Tomorrow is opening day for the Kansas City Royals.
I grew up in K.C., living there from six to eighteen. During these years, especially from when my family arrived in1976 to 1985, the Royals were an amazing team, regularly finishing high in the standings, usually making the playoffs, and winning it all in 1985.
These were heady days for the city. Having a perennial champion gave the town a great sense of pride. During my first nine years in Kansas City, we were a baseball town and I was a baseball kid.
I can attribute a lot of my loyalty to both the team and to the sport to my dad. During most of those amazing years, my father purchased season tickets for two seats, and he took turns taking my sisters and I to games. Going to these games were probably the best memories I have of my dad. It was at these games that he taught me much of what I know of baseball, sportsmanship, and life in general.

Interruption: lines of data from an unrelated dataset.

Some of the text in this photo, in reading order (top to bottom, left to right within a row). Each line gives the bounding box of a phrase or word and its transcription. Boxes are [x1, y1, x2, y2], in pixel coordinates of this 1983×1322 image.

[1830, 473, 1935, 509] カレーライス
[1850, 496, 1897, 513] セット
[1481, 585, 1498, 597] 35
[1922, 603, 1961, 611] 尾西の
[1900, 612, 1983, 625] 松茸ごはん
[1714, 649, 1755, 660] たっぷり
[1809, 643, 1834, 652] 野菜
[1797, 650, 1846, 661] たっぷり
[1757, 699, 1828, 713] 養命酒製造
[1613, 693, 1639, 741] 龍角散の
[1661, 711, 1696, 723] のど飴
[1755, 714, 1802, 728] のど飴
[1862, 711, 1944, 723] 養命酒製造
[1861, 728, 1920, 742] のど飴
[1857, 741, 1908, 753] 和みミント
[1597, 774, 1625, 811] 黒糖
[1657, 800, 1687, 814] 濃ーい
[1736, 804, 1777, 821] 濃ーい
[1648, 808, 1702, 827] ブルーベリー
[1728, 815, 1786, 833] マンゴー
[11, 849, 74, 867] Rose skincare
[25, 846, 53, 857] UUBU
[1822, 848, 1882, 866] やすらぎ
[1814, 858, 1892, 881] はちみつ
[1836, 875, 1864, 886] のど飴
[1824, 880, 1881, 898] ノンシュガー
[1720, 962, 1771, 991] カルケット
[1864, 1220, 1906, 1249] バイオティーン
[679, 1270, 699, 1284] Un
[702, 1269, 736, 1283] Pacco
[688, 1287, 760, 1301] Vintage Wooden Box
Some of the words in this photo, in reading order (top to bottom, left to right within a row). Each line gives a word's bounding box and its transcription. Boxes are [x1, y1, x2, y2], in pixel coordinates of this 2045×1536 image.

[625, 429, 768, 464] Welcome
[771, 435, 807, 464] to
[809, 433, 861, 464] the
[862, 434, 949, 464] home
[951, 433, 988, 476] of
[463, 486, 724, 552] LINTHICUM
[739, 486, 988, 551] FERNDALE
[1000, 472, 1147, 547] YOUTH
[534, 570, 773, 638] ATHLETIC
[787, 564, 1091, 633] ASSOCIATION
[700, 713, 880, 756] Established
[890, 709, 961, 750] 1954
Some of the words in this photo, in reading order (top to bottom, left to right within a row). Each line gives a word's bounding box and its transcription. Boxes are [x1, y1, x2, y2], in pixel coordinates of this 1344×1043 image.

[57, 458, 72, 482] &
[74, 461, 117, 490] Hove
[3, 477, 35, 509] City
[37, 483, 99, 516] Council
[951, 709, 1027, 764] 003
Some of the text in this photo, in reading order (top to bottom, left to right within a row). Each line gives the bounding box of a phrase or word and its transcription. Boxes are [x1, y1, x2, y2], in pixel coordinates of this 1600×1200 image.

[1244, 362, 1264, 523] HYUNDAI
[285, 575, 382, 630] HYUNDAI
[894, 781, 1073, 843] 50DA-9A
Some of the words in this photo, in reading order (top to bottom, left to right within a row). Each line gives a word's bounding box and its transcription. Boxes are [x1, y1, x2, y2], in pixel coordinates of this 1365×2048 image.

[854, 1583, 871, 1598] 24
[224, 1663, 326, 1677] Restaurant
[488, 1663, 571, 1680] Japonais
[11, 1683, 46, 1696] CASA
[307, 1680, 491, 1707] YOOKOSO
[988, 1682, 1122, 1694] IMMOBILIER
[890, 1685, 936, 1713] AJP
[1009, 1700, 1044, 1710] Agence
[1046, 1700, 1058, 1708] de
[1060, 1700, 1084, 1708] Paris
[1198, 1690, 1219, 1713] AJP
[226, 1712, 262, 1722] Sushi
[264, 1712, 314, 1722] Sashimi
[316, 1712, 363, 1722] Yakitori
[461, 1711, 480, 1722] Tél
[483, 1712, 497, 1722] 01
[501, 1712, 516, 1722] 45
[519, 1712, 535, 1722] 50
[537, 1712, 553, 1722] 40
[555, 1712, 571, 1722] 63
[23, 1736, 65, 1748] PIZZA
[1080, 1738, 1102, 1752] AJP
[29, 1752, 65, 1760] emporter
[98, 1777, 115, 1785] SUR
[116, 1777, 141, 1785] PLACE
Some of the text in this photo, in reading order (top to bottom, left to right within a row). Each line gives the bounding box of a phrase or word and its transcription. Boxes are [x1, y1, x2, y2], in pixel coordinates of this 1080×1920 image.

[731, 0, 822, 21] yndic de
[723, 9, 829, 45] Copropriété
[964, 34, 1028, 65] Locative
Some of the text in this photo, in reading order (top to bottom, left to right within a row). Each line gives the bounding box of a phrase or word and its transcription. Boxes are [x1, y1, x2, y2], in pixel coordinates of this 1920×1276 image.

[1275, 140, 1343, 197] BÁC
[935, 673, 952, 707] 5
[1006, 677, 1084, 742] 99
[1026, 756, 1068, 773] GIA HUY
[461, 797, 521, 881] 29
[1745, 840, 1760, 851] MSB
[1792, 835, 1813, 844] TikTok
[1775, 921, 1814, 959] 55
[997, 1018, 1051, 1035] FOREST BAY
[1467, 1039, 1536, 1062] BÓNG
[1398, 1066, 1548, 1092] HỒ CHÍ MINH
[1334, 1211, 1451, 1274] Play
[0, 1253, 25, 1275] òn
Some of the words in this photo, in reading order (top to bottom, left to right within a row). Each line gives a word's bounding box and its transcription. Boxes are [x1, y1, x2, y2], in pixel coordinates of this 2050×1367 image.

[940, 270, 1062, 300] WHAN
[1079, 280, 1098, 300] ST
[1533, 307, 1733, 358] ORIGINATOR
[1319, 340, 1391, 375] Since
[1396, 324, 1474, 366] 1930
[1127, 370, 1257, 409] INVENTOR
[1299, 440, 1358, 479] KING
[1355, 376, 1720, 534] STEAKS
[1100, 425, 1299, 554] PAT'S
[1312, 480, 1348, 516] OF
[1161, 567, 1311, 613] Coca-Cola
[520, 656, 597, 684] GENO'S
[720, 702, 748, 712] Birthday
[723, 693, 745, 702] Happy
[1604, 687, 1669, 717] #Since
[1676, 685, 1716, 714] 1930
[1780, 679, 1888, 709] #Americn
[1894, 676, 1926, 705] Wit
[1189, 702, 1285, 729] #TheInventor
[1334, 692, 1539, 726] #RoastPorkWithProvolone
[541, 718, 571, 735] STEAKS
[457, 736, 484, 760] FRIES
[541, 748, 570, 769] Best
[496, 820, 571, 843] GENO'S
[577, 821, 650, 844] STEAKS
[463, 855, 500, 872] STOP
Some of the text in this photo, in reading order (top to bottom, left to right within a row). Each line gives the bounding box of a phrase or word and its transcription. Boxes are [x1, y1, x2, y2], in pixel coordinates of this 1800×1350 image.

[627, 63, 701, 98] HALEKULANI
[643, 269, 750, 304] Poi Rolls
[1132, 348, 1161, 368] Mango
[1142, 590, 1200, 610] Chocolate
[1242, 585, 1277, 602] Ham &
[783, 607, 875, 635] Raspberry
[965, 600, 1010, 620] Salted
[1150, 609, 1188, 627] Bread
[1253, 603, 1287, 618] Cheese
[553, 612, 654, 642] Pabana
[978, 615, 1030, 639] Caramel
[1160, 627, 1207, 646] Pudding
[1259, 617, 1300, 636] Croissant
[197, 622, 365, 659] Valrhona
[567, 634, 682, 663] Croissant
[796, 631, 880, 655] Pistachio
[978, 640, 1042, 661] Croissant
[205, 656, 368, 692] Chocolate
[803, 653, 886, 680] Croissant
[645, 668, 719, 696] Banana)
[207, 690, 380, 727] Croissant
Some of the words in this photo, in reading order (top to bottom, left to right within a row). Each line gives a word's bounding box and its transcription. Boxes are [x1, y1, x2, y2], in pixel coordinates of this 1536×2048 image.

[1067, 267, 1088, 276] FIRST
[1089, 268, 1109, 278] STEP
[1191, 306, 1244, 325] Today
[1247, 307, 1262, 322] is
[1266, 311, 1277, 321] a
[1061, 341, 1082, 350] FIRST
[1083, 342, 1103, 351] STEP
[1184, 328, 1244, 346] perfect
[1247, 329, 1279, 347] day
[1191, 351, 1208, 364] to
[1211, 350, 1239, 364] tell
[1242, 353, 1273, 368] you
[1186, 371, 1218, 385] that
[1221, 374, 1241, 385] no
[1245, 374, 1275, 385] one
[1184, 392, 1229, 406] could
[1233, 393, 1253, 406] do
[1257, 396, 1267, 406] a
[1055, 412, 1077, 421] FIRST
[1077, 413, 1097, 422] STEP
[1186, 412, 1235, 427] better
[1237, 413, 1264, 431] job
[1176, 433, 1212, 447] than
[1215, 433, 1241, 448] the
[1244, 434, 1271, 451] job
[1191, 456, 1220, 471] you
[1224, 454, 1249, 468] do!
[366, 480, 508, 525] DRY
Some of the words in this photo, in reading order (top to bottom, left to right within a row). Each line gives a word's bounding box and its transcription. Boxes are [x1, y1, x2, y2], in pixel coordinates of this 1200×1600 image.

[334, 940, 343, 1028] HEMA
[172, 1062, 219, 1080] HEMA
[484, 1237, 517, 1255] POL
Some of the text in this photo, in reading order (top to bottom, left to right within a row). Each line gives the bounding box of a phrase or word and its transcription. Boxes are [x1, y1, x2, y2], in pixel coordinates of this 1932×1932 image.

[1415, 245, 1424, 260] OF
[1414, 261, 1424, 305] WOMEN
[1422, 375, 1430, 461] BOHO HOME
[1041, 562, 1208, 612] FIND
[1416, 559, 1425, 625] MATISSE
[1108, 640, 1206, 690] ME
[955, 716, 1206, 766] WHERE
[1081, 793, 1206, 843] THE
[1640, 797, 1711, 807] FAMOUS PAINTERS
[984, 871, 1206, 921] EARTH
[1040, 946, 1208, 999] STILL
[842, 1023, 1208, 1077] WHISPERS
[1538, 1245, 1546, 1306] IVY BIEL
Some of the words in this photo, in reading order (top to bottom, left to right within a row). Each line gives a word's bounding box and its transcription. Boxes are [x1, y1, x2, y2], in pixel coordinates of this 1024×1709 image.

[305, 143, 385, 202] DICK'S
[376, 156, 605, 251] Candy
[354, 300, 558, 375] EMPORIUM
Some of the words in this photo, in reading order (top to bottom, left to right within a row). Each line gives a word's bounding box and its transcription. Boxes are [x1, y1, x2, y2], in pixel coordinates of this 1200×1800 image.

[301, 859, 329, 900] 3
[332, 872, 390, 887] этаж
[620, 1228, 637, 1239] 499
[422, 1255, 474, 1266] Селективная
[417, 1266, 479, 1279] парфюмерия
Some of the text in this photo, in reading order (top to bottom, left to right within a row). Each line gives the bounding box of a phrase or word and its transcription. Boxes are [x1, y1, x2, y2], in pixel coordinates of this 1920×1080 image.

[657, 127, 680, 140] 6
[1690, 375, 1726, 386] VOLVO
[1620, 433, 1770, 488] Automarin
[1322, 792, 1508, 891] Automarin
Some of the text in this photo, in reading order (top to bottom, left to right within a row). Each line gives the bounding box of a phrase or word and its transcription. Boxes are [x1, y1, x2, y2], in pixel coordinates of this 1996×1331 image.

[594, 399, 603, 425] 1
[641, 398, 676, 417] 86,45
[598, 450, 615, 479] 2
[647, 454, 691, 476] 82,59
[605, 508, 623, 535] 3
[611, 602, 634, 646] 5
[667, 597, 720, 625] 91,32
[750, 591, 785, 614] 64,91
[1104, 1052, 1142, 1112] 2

I can’t explain my fascination with baseball over other sports. Baseball seems to inspire a mad nostalgia. The smell of the leather of the gloves and the ball. The sound the bat makes when the wood makes solid contact. The stunning green of the grass, brown of the freshly raked dirt, white of the chalk baselines, all under high blue skies.
Perhaps it is the slow pace of the game, or the sheer number of games. If you count the month of spring training games, the major league season lasts seven full months, with close to 200 games in all, counting the playoffs and World Series. Add to that the hundred plus years of recorded baseball, and you begin to understand why baseball is referred to as America’s pastime. Growing up, I passed a lot of time watching and playing baseball.
Baseball, more than any other pastime, allows the fans to relax and enjoy the moment. Most of the time I passed watching the Royals was spent in conversation with my dad. I forget the hundreds of conversations I must have had with my father during all of those innings during all of those games. I forget the hundreds of conversations I had with him watching hour after hour of baseball on television. But I turned out okay, so all of that bonding time must have had some positive effect.
After I moved away to college and then away from home entirely, I stopped following the Royals. The Chiefs rose to become the toast of a town I no longer associated myself with expect as a sports fan.
But I still remember the last big league game I attended. It was in the early nineties, and I sat in the left field bleachers with a college friend. The Royals were playing the Seattle Mariners, and the great Ken Griffey Jr. hit a homerun.
But what I remember the most was looking over to the first base side, on the lower level about half way back under the overhang, right where we used to have season tickets. I wondered who was sitting there and if another father/son relationship was being formed.
For many years, I stopped following the team, but began to following the Royals again about the time that Nathan was old enough to swing a plastic bat at a wiffle ball on a tee. Teaching my kids the game has been one of my greatest joys, and over spring break, I took Nathan out and got him a new glove and couple of baseballs. We have been playing catch regularly, and while I can’t take my son to major league ball games, I play catch with him as much as I can.
My son has always been the sort of kid who would rather play sports rather than watch them, but last year he began to take an interest. We have yet to watch an entire game together, but I still hope.
I hope to one day take my family to a Royals’ game. Maybe we will get seats along that good old first base side. Maybe my kids will one day understand why I get so worked up every year come opening day.